Data Compliance and Privacy

We want to help you stay in compliance with GDPR and other regulations. And, if you’re a premium customer, we can also help you maintain HIPAA compliance.

GDPR and regulatory compliance

GDPR is the EU’s General Data Protection Regulation, and provides rules for handling customer data within the EU. But, even if you don’t have customers in the EU, you may want to abide by these rules—more or less—to prepare for data privacy rules in other locations and to respect your audience’s privacy.

To help you maintain GDPR compliance, we:

1. Store and transfer data securely. Information in our North America data center does not leave North America unless you send it to a service outside the US.
2. Provide a way to suppress and remove customer information. Per GDPR and other regulations, your audience has a right to be forgotten. Should they revoke consent to data collection, you can permanently delete people and prevent the system from collecting data about them in the future.
3. Provide schemas and a record of your data, helping you understand exactly what data you’re collecting from data-in integrations and what you send on to each of your data-out integrations.

But, beyond that, you must obtain and manage consent to collect data from users of your websites and services. For example, our JavaScript client library manages user information in cookies and local storage. You should obtain consent before invoking calls from our JavaScript snippet that could identify your audience.

HIPAA compliance

Customer.io integrations are HIPAA-ready, meeting the privacy and security requirements of both the healthcare industry and your valued customers.

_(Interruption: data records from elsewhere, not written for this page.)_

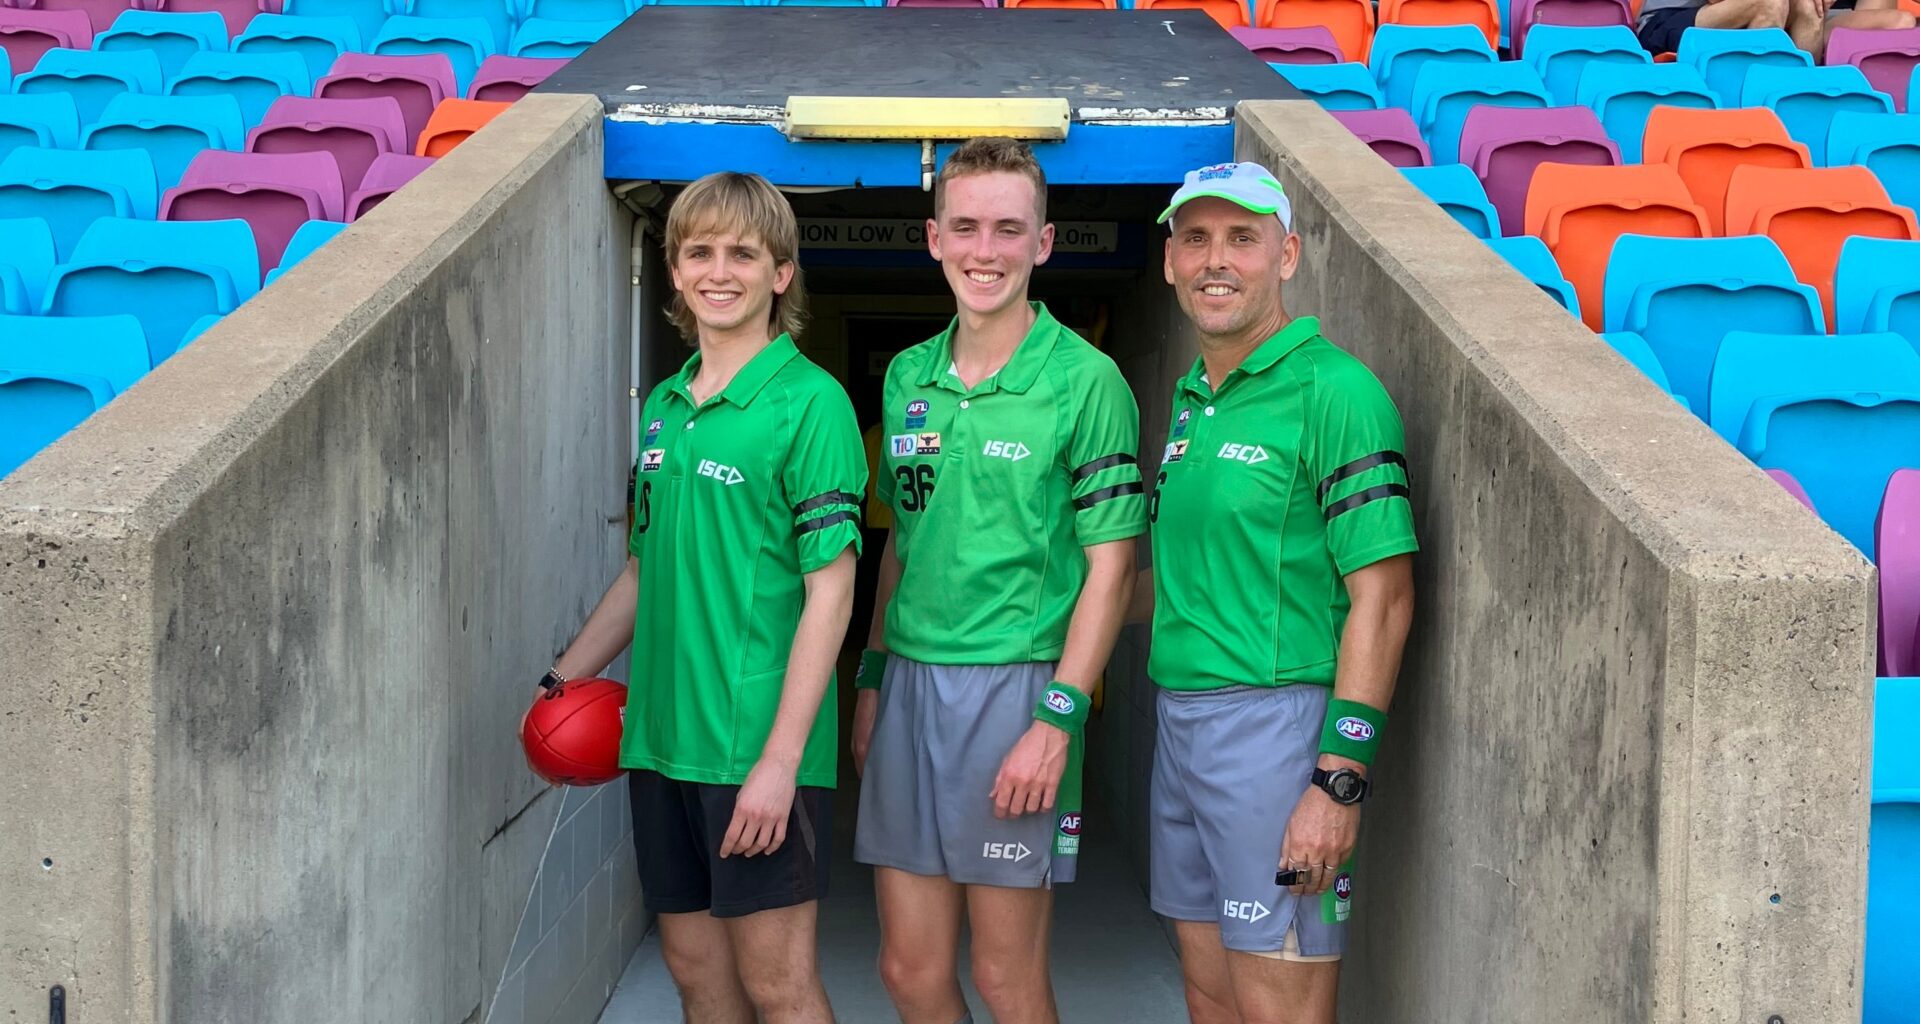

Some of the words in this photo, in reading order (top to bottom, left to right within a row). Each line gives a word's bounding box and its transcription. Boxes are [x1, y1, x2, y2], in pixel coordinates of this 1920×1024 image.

[847, 226, 894, 242] LOW
[895, 438, 914, 453] TIO
[895, 464, 935, 512] 36
[1047, 692, 1071, 710] AFL
[1339, 721, 1370, 738] AFL
[1060, 816, 1082, 829] AF
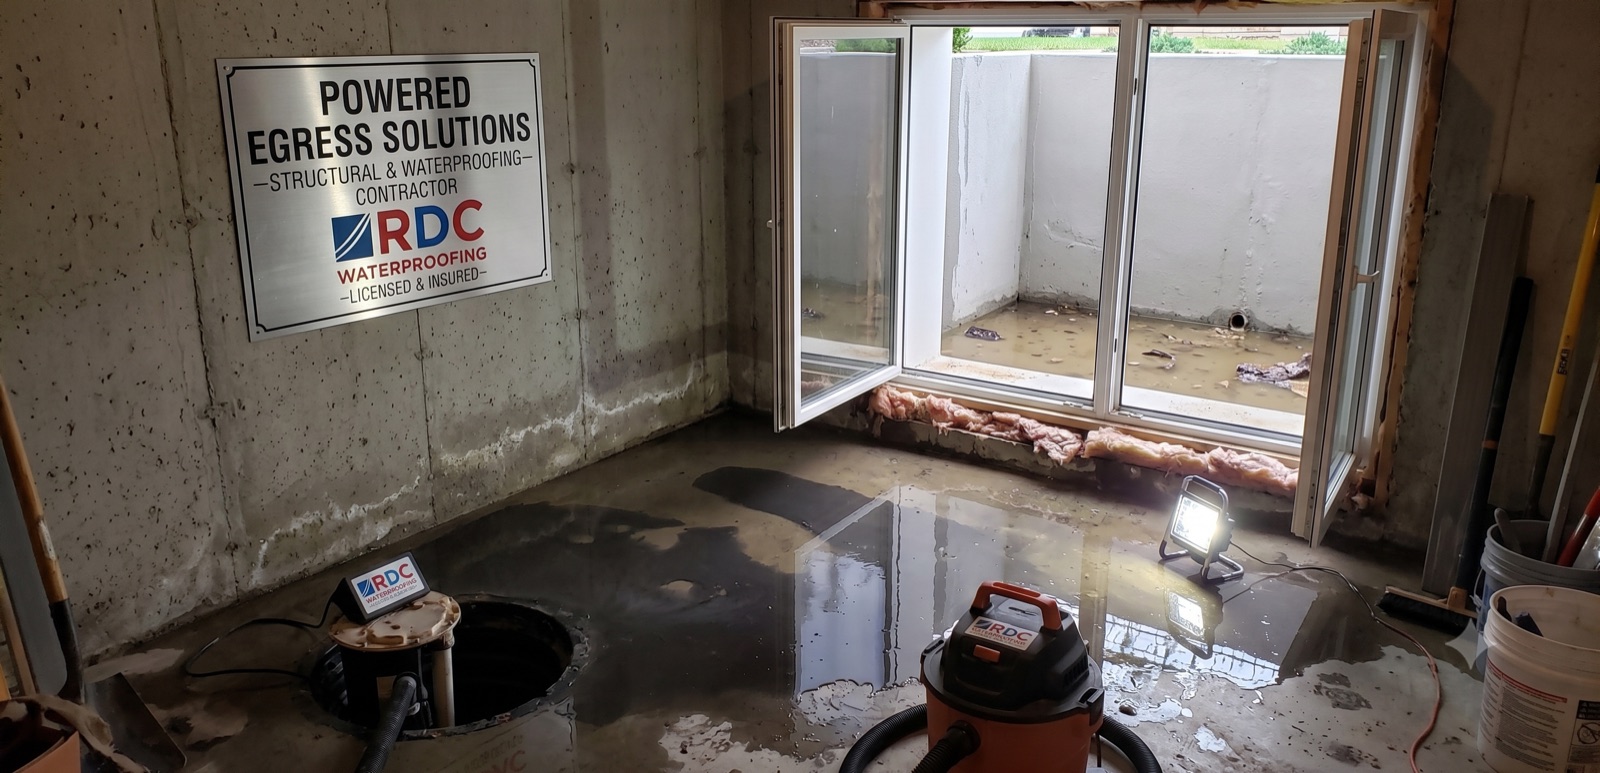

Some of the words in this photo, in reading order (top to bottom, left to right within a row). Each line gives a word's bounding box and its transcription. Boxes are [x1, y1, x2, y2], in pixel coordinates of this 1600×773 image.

[319, 76, 471, 115] POWERED
[247, 122, 373, 165] EGRESS
[383, 112, 531, 153] SOLUTIONS
[386, 161, 398, 179] &
[356, 177, 458, 206] CONTRACTOR
[377, 198, 485, 255] RDC
[336, 246, 487, 284] WATERPROOFING
[416, 276, 425, 291] &
[371, 563, 414, 592] RDC
[989, 623, 1033, 642] RDC

Contact your Customer.io representative if you’d like more information about Customer.io’s HIPAA compliance or want to sign a Business Associate Agreement (BAA) with us.

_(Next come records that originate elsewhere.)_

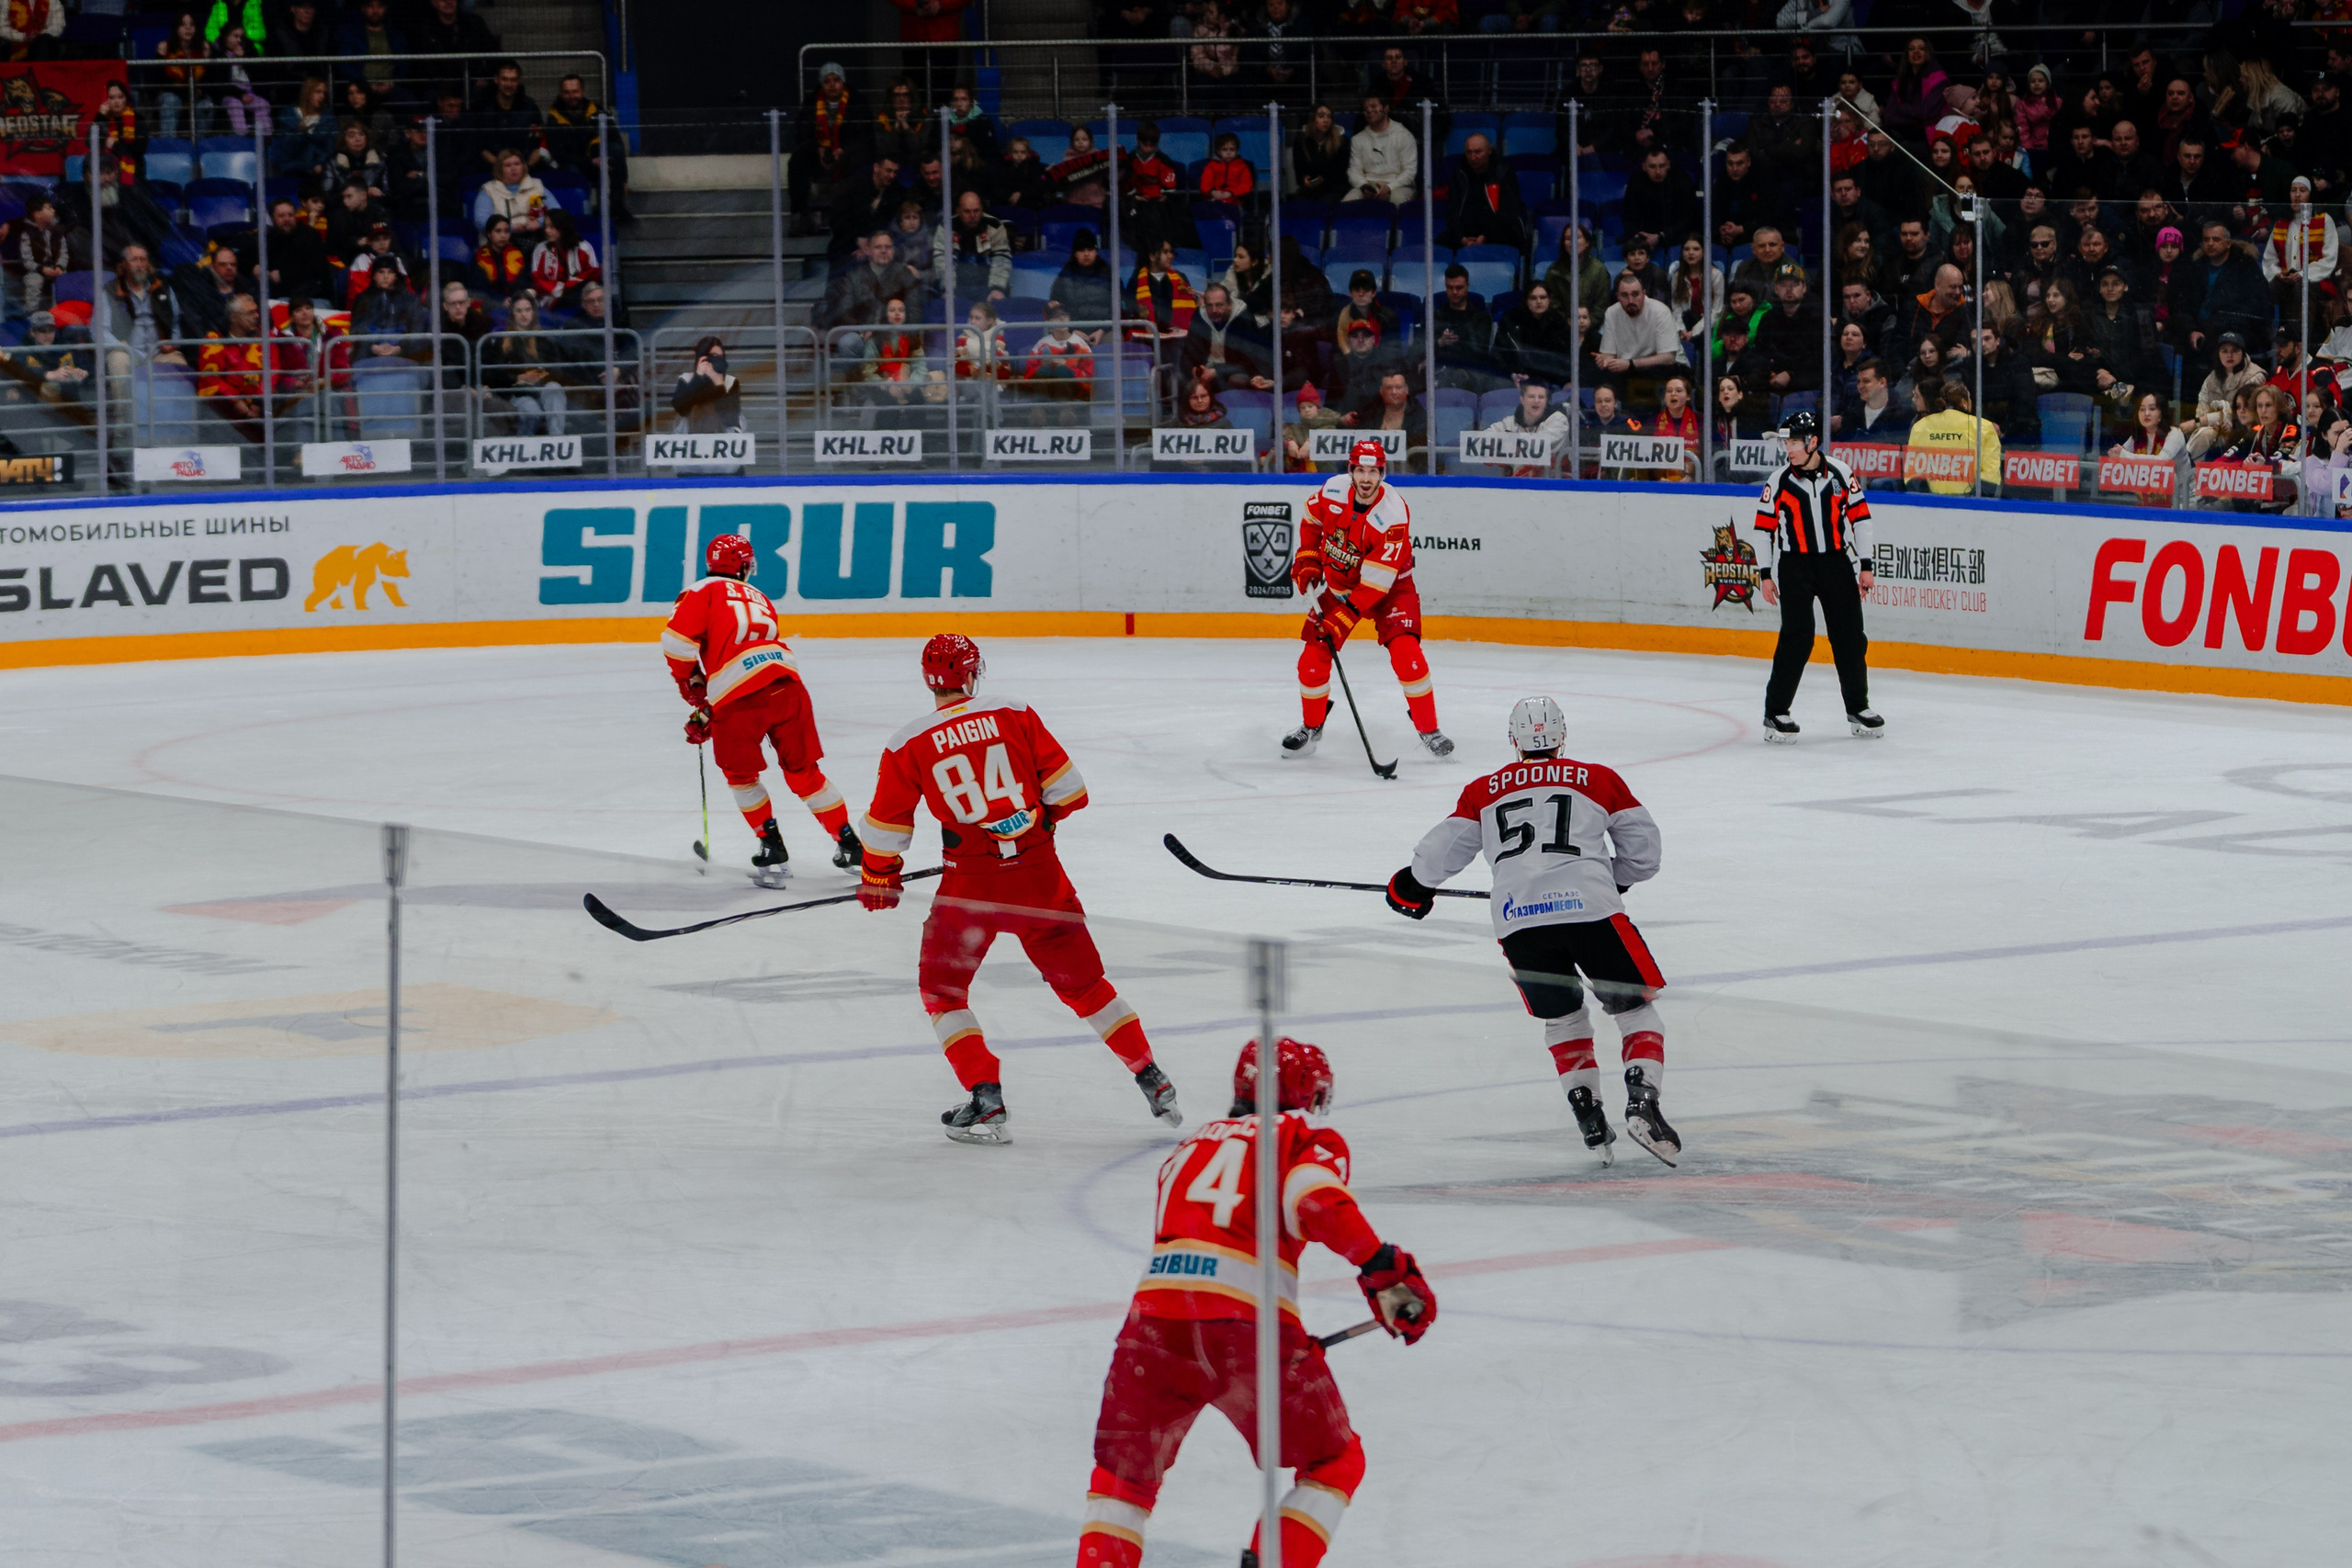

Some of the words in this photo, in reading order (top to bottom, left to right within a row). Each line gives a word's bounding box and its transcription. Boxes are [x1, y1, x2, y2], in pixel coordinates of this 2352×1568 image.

[0, 115, 79, 138] EDSTAR
[822, 435, 915, 457] KHL.RU
[992, 434, 1084, 456] KHL.RU
[1159, 434, 1248, 455] KHL.RU
[1465, 437, 1545, 459] KHL.RU
[1929, 433, 1962, 441] SAFETY
[480, 442, 574, 464] KHL.RU
[653, 439, 747, 460] KHL.RU
[1606, 439, 1679, 465] KHL.RU
[1735, 446, 1788, 466] KHL.R
[1905, 451, 1973, 477] FONBET
[2006, 457, 2079, 483] FONBET
[2099, 462, 2173, 491] FONBET
[2197, 468, 2272, 493] FONBET
[1247, 505, 1288, 515] FONBET
[206, 515, 289, 535] ШИНЫ
[539, 501, 996, 605] SIBUR
[1381, 542, 1403, 561] 27
[1410, 536, 1481, 551] АЛЬНАЯ
[1872, 543, 1985, 584] 星冰球俱乐部
[0, 558, 290, 612] SLAVED
[1702, 562, 1759, 589] REDSTAR
[1249, 586, 1291, 595] 2024/2025
[1871, 585, 1888, 606] RED
[1893, 586, 1917, 608] STAR
[1920, 589, 1958, 611] HOCKEY
[1962, 591, 1986, 613] CLUB
[2084, 537, 2352, 658] FONB
[727, 599, 778, 645] 15
[742, 651, 784, 671] SIBUR
[931, 715, 1000, 753] PAIGIN
[1533, 735, 1548, 748] 51
[932, 742, 1027, 824] 84
[1488, 765, 1589, 795] SPOONER
[1495, 794, 1581, 864] 51
[1513, 899, 1583, 918] ГАЗПРОМНЕФТЬ
[1157, 1138, 1249, 1235] 74
[1149, 1254, 1218, 1277] SIBUR

Suppressions: respecting your audience’s right to be forgotten

When people unsubscribe, they might request that you stop collecting data and delete all the data about them. When this happens, you can suppress a person’s userId to comply with their wishes. Suppressing a person:

• Ensures that you cannot send the person messages.
• Prevents integrations from collecting data for the userId or triggering integration Actions.
• Prevents integrations referencing the userId from appearing in the Data In log.
• Prevents us from replaying data to new integrations for the userId.

If a user opts into data collection later, you can unsuppress their userId, resuming data collection for that person.

Suppress a person

When a person invokes their right to object or right to erasure under GDPR or CCPA respectively, you can suppress their profile through our API or on the People page.

It may take a few minutes for us to process a suppression request.

1. Go to the People page.
2. Select the people you want to suppress.
3. Click Delete forever and toggle the option to Delete and Suppress.

   

   
4. Confirm the operation.

Unsuppress a person

If a person opts back into data collection after being previously suppressed, you can unsuppress their userId and resume data collection by sending a track event called Unsuppress Person.

For example, with our JavaScript client library, you’d send this call to unsuppress a person:

analytics.track("Unsuppress Person", {
  userId: "person-i-want-to-unsuppress"
});

Suppressions don’t affect Web integrations

Web integrations send traffic directly to a website or service from the client. Because the data doesn’t pass through Customer.io, you can still send suppressed information to Web integrations.

For example, if you suppress a person in Customer.io, you could still inadvertently send data downstream to your Meta (Facebook) Pixel integration, because the data you send to Meta doesn’t pass through Customer.io’s servers. It goes directly from your JavaScript client to Meta.

This means that you may need to implement suppressions or a blocklist in any services you connect to using a Web integration.